But I agree with Lyenuv. Whatever we say won't change Arshes mind. And like I said in my first reply, I'm sure Arshes will end up changing her mind once (and if) we are on admin staff. No point in debating on the subject.


----------



## Arshes Nei (Mar 19, 2007)

DarkMeW said:
			
		

> Well just to toss my two cents in here. I can fully understand Arshes' point in there being a conflict of interest in two people that are in a relationship becoming admins. I've never paid much attention to the wtf_Fa group or the actions of people on it, however if there was inappropriate comments that were made there, it was 'off site.' That doesn't excuse the comments or it's relation to FA but one must consider the degree in which the so called wrong doing was done. I don't know specifics about it, but from what I've heard it's off hand comments and nothing vindictive.



Just a small correction here, the comment was actually made ON site on a person's submission. If you look in the Harassment forums, about the babyfur "4chan style trolling" you'll notice a comment about "a potential candidate for adminship" made a comment. Putting two and two together, actually has my mind changed about allowing that person to be on as an admin.

Does that mean Lyenuv is a bad person overall, not at all, but I'd be rather sore if I were that person finding out I'm being modded by a person who decided to diss me publicly, and on site.

http://www.furaffinityforums.net/showthread.php?tid=6835&pid=115178#pid115178 

To Kyoujin: I have more than one point, follow them all. I didn't say you weren't a bad candidate for adminship. 

That coupled with you in a relationship is why I'm debating the matter.


----------



## Grimfang (Mar 19, 2007)

This sort of issue would have been most useful if it had been raised before the trial admins were set into motion, although I'm under the impression Arshes didn't know until afterwards. I also don't get the feeling she's trying to attack or bash anyone here. She's very neatly laid out perfectly valid objections.

Unfortunately, I don't think the trials could simply be revoked, given that no minds will be changed in this debate. I'd say that it would be a good idea to watch out for this in the future, but Arshes made mention of a reminiscent situation gone bad, which probably started similar to this.

In the wake of that problem, I would think people agreed (or maybe even just thought to themselves) that it would be a bad idea to do the same thing again. I think she's saying that FA is needlessly setting a risk up for potential problems that a lesson was already learned from in the past.

I dunno... what I got from this entire thread so far is that we've been here before.

I can't say anything in regards to the wtf_fa as I'm not familiar with it, but it sounds like she has a point there too.

At this point, the practical path is probably going to be taken and the trials will have their run, for better or for worse.


----------



## Dragoneer (Mar 19, 2007)

Arshes Nei said:
			
		

> That coupled with you in a relationship is why I'm debating the matter.


You do have a point in that, Arshes... but I think we'll have to come to that bridge when we do.
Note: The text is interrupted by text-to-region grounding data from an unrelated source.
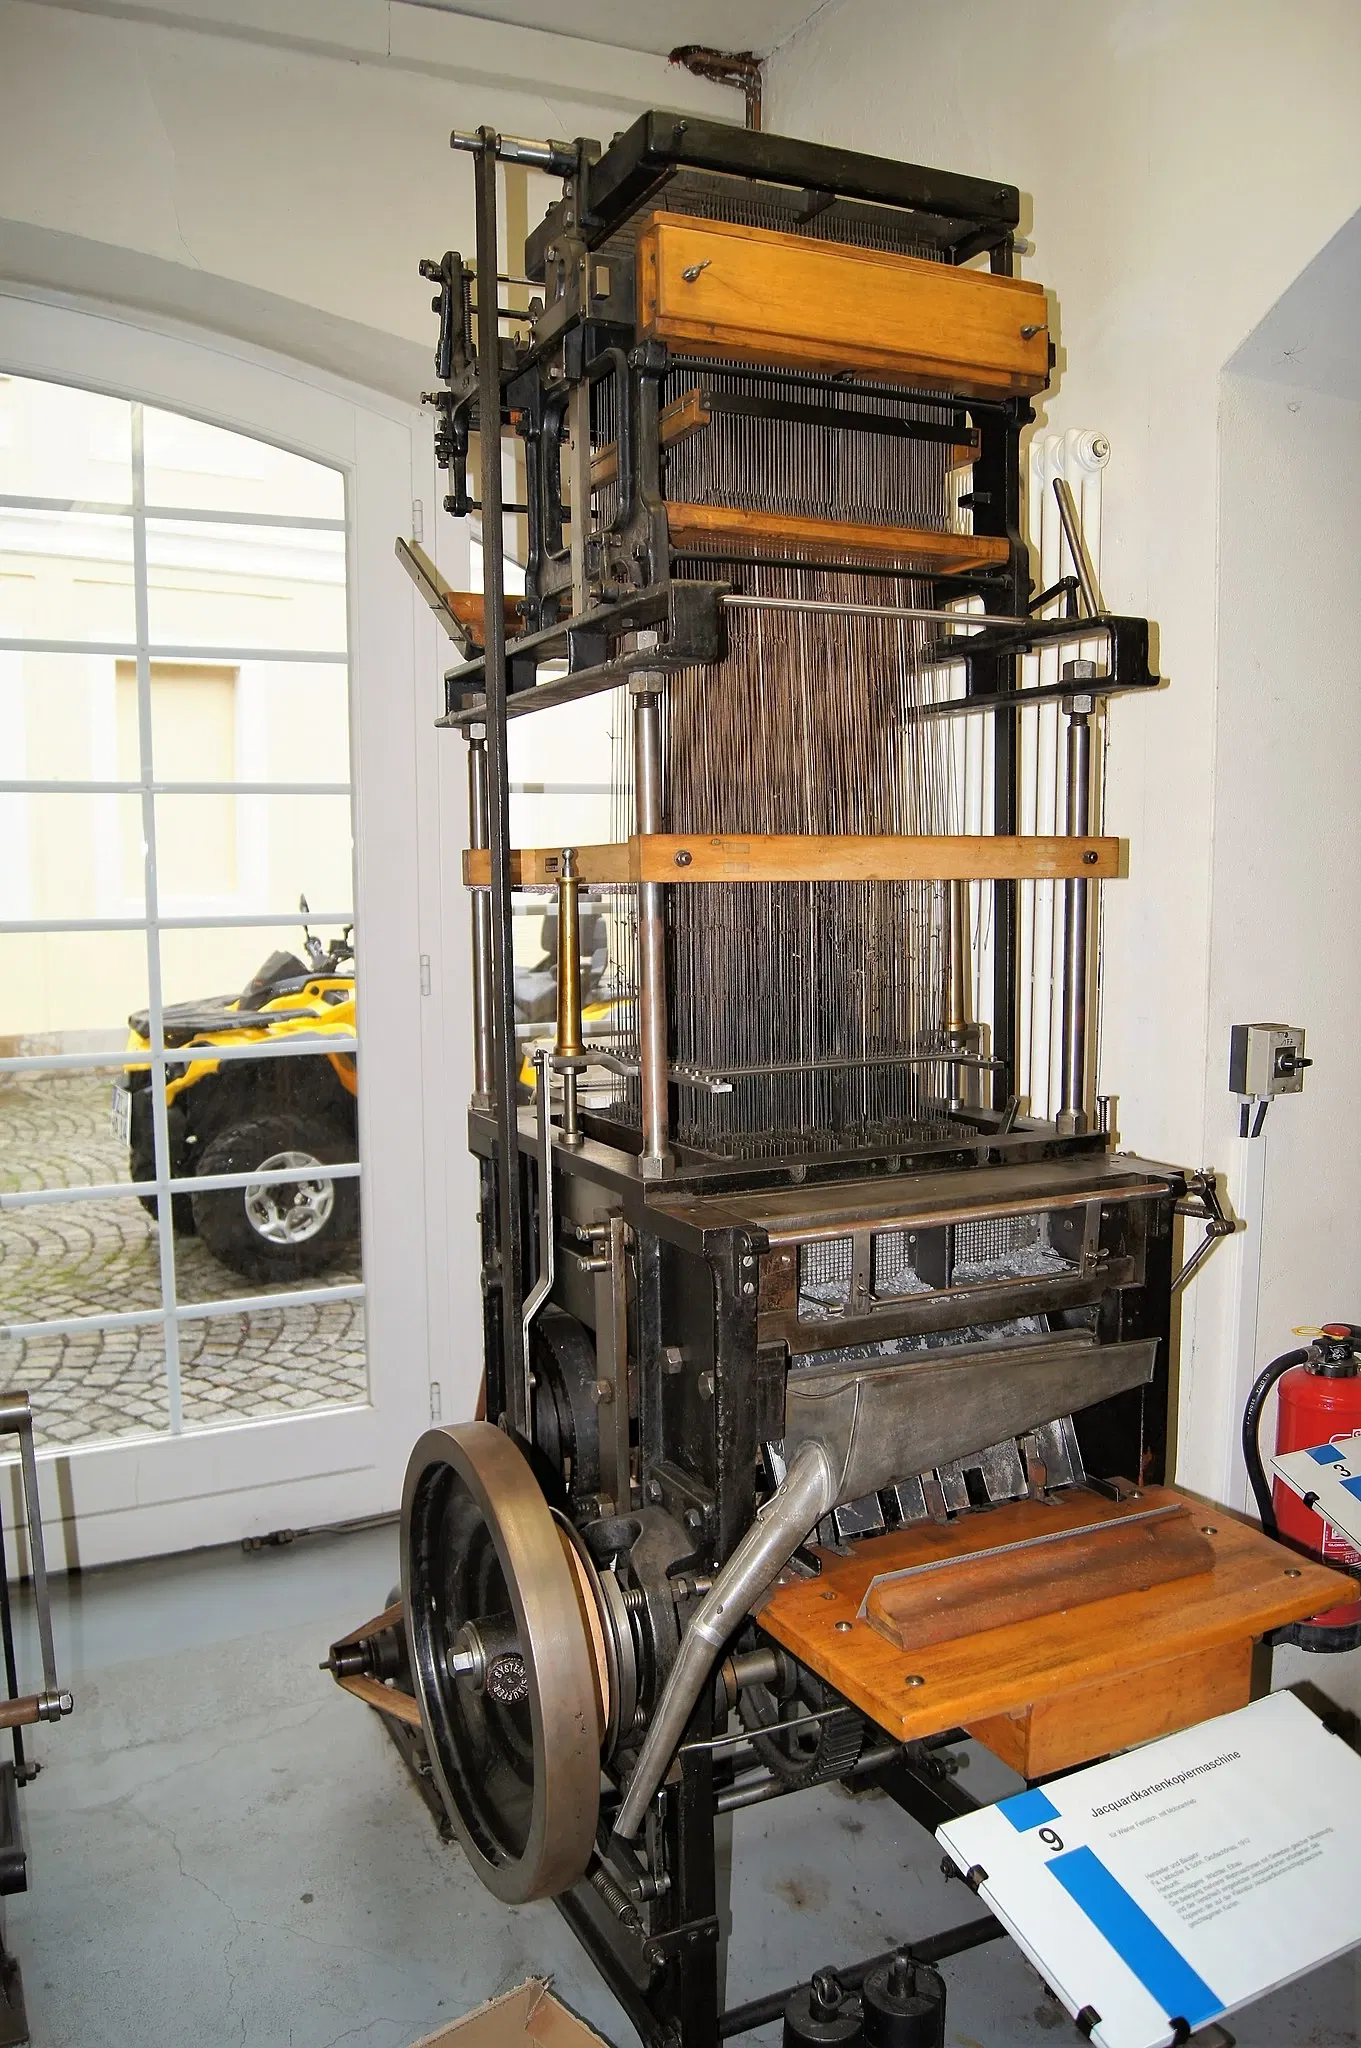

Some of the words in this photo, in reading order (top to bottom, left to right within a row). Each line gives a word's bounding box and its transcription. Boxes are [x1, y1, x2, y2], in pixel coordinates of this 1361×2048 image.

[1256, 1373, 1270, 1393] GLORIA
[1333, 1464, 1351, 1477] 3
[494, 1662, 526, 1678] SYSTEM
[493, 1678, 528, 1701] STAUFFER
[1091, 1750, 1241, 1818] Jacquardkartenkopiermaschine
[1039, 1827, 1064, 1851] 9
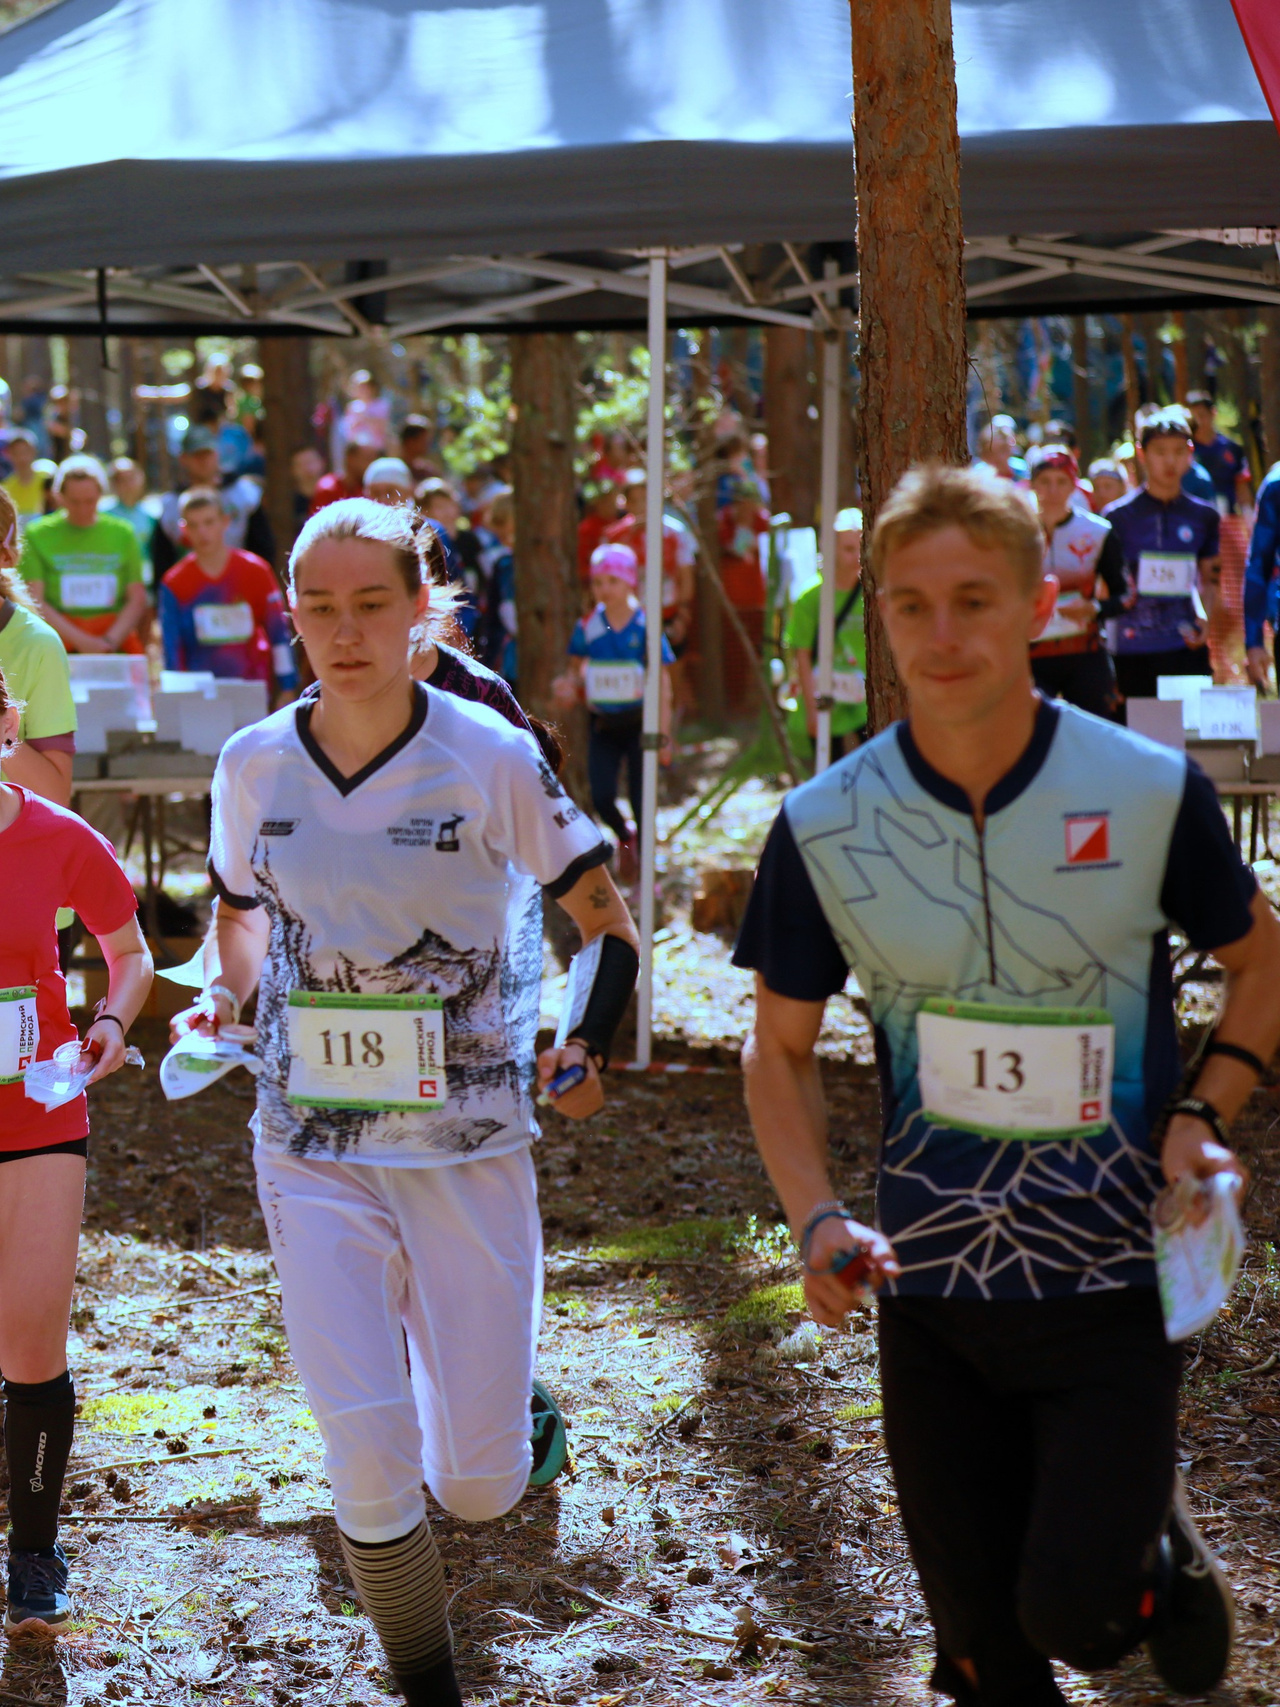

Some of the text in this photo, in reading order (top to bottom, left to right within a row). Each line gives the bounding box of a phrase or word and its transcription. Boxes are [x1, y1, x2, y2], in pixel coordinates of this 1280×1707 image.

[18, 1005, 26, 1053] ПЕРМСКИЙ
[319, 1028, 385, 1068] 118
[413, 1017, 426, 1075] ПЕРМСКИЙ
[427, 1031, 436, 1075] ПЕРИОД
[972, 1047, 1026, 1094] 13
[34, 1431, 47, 1478] NORD
As of right now, I'm not too worried about it so long as their performance and conduct is mature and in accordance with FA interests.

If their situation changes in the future we'll address that. But, even like relationships, I've had a falling out with several of the previous admins before and had issues with certain individuals. The love interest can have the same effect as the best friend breakup, and it's always a risk regardless.


----------



## Litre (Mar 19, 2007)

Which is why you don't bring on friends. You don't have to be best buds in order to work together. Just respectful of each other.


----------



## furry (Mar 19, 2007)

I think all admins should be forbidden from having a relationship at all.
I mean, their partner might log on the computer and ruin FA!

So please, FA admins.
Kick your boy/girl out of your place, cut the links from your family, don't allow your friends in anymore.
For great justice.

PS:
Yes! Paint those eggs!


----------



## Vitae (Mar 20, 2007)

Arshes Nei said:
			
		

> DarkMeW said:
> 
> 
> 
> ...



hay arshes i love u on the internets <33333333333


----------



## Arshes Nei (Mar 20, 2007)

Batty, lol 

The thing is, I do consider Kyoujin and Lyenuv buddies, not close ones, but I don't have direct animosity towards them. However, I think the fact that I am stating this gives you a perspective, of the problem I am seeing.
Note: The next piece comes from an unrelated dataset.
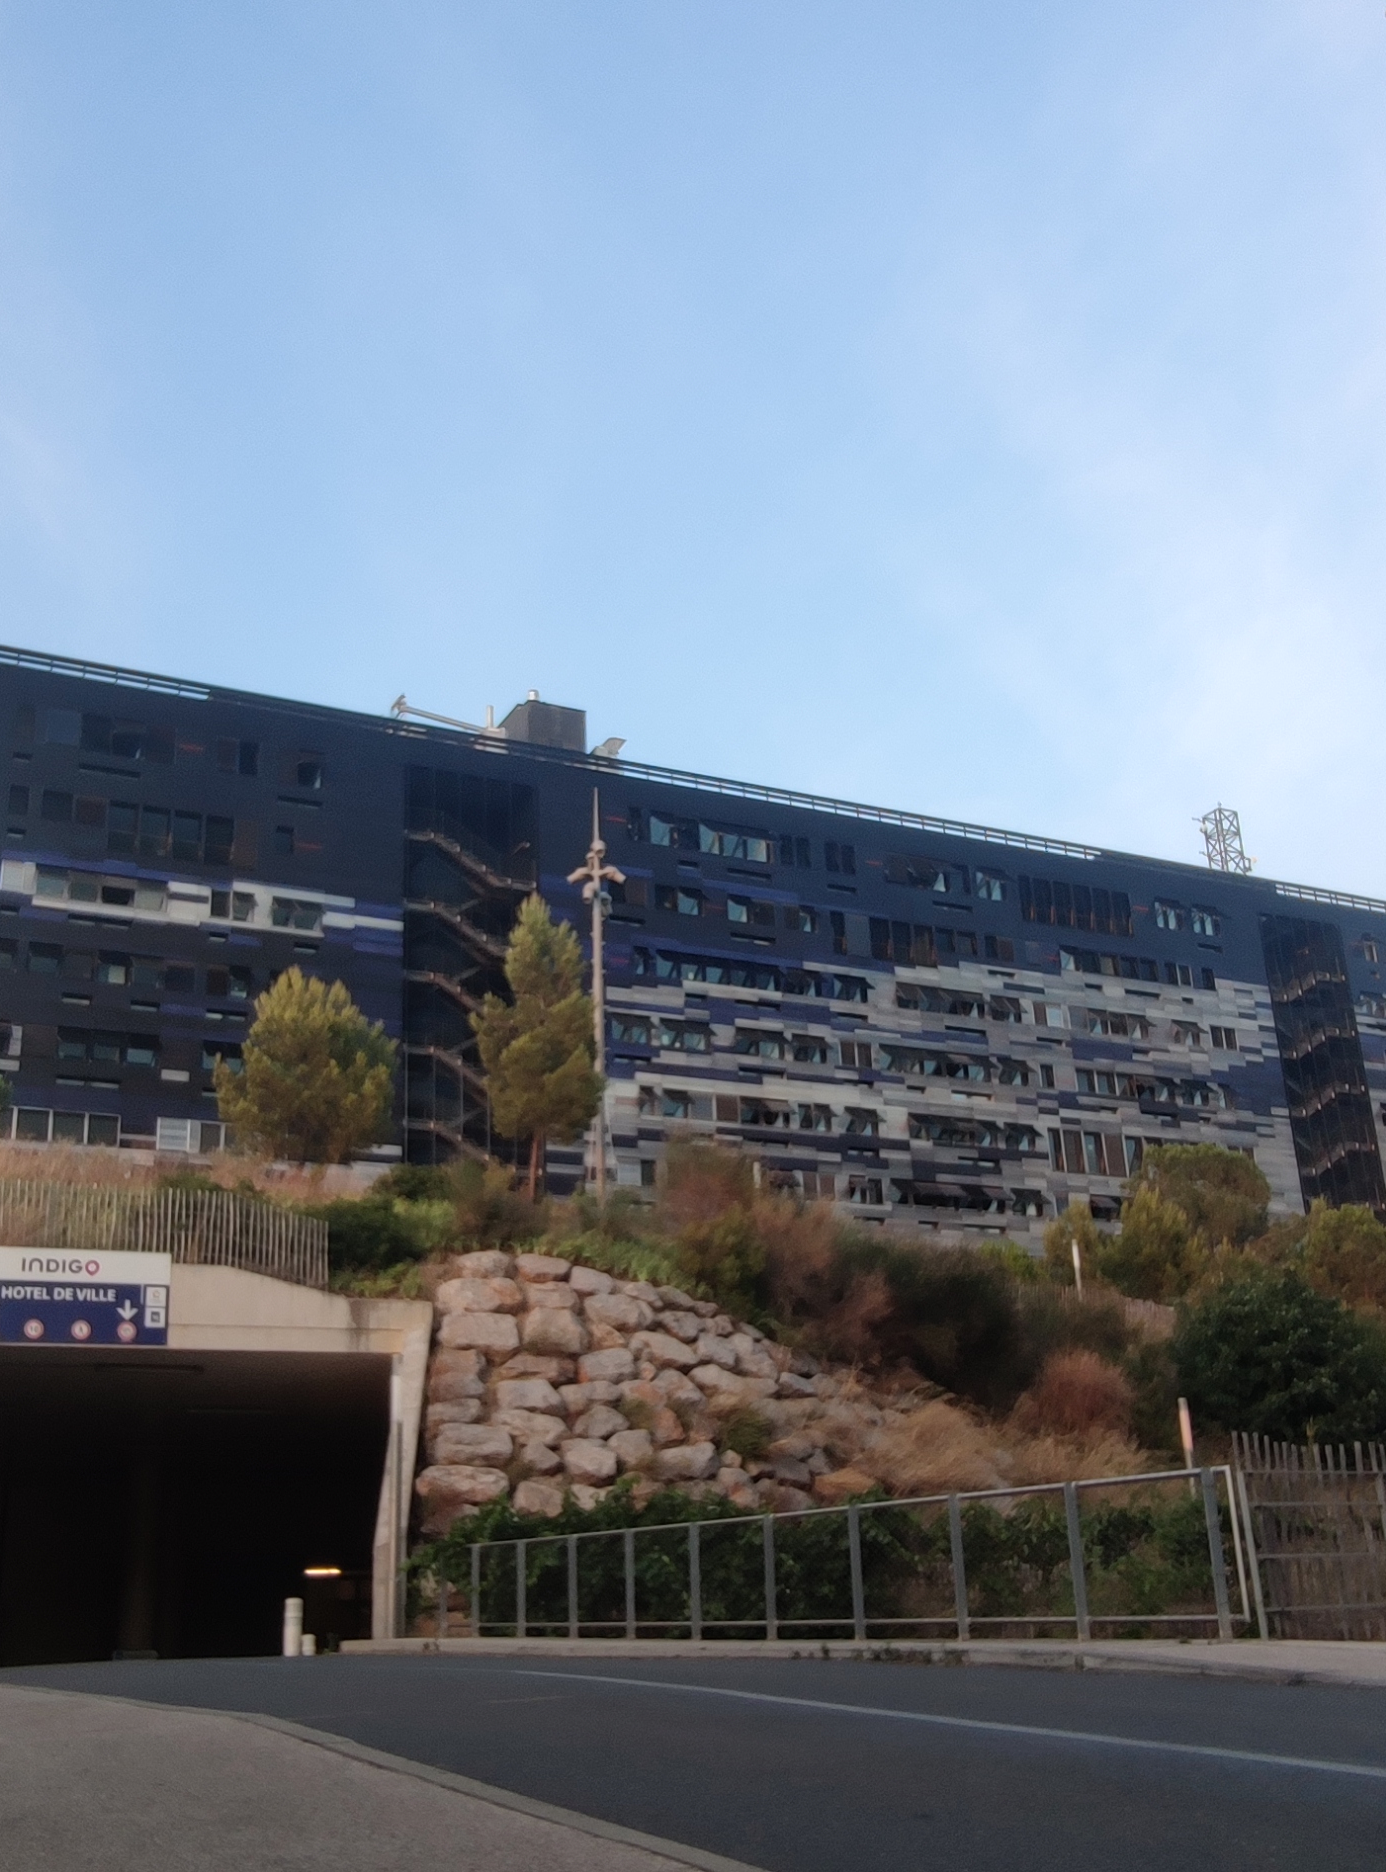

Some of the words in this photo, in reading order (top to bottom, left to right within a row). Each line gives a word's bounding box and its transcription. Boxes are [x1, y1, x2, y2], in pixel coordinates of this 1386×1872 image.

[21, 1258, 100, 1276] INDIGO
[1, 1285, 50, 1301] HOTEL
[53, 1286, 74, 1301] DE
[76, 1288, 116, 1302] VILLE
The fact that another member of WTF_FA reported the incident, is exactly what our Prospective candidate SHOULD have been doing. Trolling on someone's submission is wrong, regardless if I agree with the content. In this case I don't, if I see the guy walking down the street with the tattoo, there is nothing constitutionally stopping me from saying "Eww that tattoo sucks", however, in this case you have now a potential admin that decided to do this unprovoked on that person's submission. That's a BIG violation of the TOS. We can debate the grey line where people argue and bicker with each other on FA, but in this case, it wasn't like the poster went over to Lyenuv's page saying "hay look at mah cool tattoo" and Lyenuv went "eww that's gross"

Lyenuv went to that person's page. This isn't old dirt since this happened at the End of February this year. "I got a note," doesn't cut it either. It's basically coming off rewarding someone for not respecting the rules that were put in place, and now you're going to have that person enforce them or ask users to listen to them? Sure you'll get the "she's cool peoples" crowd because they're unaware or think it's funny to troll that guy for the tattoo, but I have to say... *what*. Other people have been *banned* for less. That sets a bad precedent overall.
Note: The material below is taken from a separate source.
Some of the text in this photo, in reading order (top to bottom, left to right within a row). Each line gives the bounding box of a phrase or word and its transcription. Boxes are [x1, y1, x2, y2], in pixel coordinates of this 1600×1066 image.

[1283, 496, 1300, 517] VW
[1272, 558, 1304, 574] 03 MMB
Had I been looking at prospective candidates, she would have had been under immediate dismissal especially since you said you have other people to try out. Again, does that mean Lyenuv is bad? No. However, this is a more neutral perspective. Unfortunately, I can't look at it as "She's a cool buddy" because that wouldn't be right. 

You have other candidates that probably didn't participate in that incident and maybe did the right thing even when it wasn't the popular decision.


----------



## DarkMeW (Mar 20, 2007)

Arshes Nei said:
			
		

> if I see the guy walking down the street with the tattoo, there is nothing constitutionally stopping me from saying "Eww that tattoo sucks", however, in this case you have now a potential admin that decided to do this unprovoked on that person's submission. That's a BIG violation of the TOS. We can debate the grey line where people argue and bicker with each other on FA, but in this case, it wasn't like the poster went over to Lyenuv's page saying "hay look at mah cool tattoo" and Lyenuv went "eww that's gross"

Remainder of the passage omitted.